(Dataset entries)
•••••
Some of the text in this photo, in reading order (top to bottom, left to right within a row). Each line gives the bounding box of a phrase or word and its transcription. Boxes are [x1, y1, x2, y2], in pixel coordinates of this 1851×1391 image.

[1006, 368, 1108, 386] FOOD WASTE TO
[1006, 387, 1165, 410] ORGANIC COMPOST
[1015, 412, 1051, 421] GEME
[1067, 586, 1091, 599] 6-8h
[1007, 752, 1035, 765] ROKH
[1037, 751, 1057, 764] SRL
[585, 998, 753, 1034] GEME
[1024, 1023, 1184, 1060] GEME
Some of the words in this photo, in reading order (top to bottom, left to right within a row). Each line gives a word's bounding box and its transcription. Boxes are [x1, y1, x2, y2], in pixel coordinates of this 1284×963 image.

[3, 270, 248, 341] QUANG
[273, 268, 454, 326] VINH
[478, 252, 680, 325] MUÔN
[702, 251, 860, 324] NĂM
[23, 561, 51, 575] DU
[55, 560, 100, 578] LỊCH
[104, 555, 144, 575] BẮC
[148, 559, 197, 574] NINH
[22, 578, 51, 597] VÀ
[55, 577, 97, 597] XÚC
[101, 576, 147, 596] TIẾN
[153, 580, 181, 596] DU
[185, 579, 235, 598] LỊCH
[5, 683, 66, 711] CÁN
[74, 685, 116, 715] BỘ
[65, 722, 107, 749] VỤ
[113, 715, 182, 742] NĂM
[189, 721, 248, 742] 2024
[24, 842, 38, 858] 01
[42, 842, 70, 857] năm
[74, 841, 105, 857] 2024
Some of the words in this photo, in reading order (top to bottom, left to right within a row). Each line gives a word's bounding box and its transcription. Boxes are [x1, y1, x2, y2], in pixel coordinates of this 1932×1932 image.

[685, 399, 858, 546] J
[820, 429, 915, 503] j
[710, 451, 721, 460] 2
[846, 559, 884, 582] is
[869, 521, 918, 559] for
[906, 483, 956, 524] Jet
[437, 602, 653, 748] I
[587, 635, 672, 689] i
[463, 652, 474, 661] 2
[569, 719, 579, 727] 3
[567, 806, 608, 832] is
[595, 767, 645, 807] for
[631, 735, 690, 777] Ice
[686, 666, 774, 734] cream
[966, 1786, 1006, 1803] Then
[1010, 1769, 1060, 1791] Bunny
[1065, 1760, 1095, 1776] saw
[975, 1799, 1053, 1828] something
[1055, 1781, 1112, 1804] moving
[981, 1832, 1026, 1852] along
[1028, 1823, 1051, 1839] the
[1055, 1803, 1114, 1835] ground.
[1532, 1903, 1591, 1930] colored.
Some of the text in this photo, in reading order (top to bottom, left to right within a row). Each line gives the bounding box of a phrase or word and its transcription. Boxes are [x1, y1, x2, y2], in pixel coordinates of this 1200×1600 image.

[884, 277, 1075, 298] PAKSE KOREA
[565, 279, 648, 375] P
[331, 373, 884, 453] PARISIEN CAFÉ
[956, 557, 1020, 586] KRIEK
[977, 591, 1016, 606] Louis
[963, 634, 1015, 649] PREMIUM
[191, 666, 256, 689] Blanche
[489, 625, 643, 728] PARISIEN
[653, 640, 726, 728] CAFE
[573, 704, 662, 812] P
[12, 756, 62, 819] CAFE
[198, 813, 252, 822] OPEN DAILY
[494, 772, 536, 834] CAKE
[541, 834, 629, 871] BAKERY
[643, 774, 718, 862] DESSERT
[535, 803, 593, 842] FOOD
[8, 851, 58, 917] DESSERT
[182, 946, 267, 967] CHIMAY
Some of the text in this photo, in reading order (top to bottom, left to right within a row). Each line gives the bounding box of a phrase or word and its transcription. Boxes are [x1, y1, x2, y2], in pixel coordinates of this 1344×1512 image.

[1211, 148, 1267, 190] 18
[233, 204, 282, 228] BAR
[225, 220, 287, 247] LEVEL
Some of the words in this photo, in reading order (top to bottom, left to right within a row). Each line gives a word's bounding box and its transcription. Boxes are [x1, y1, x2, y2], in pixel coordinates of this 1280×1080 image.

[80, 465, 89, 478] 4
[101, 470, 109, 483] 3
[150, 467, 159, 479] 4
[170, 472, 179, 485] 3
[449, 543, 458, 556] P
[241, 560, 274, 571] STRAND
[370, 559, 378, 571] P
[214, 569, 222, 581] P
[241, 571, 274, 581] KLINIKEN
•••••
### Exercise objective:
Where a line contains "this 1280×1080 image.", begin there and output each line through the end of the data above, exactly; give no other lines.

### Written response:
Some of the words in this photo, in reading order (top to bottom, left to right within a row). Each line gives a word's bounding box and its transcription. Boxes are [x1, y1, x2, y2], in pixel coordinates of this 1280×1080 image.

[80, 465, 89, 478] 4
[101, 470, 109, 483] 3
[150, 467, 159, 479] 4
[170, 472, 179, 485] 3
[449, 543, 458, 556] P
[241, 560, 274, 571] STRAND
[370, 559, 378, 571] P
[214, 569, 222, 581] P
[241, 571, 274, 581] KLINIKEN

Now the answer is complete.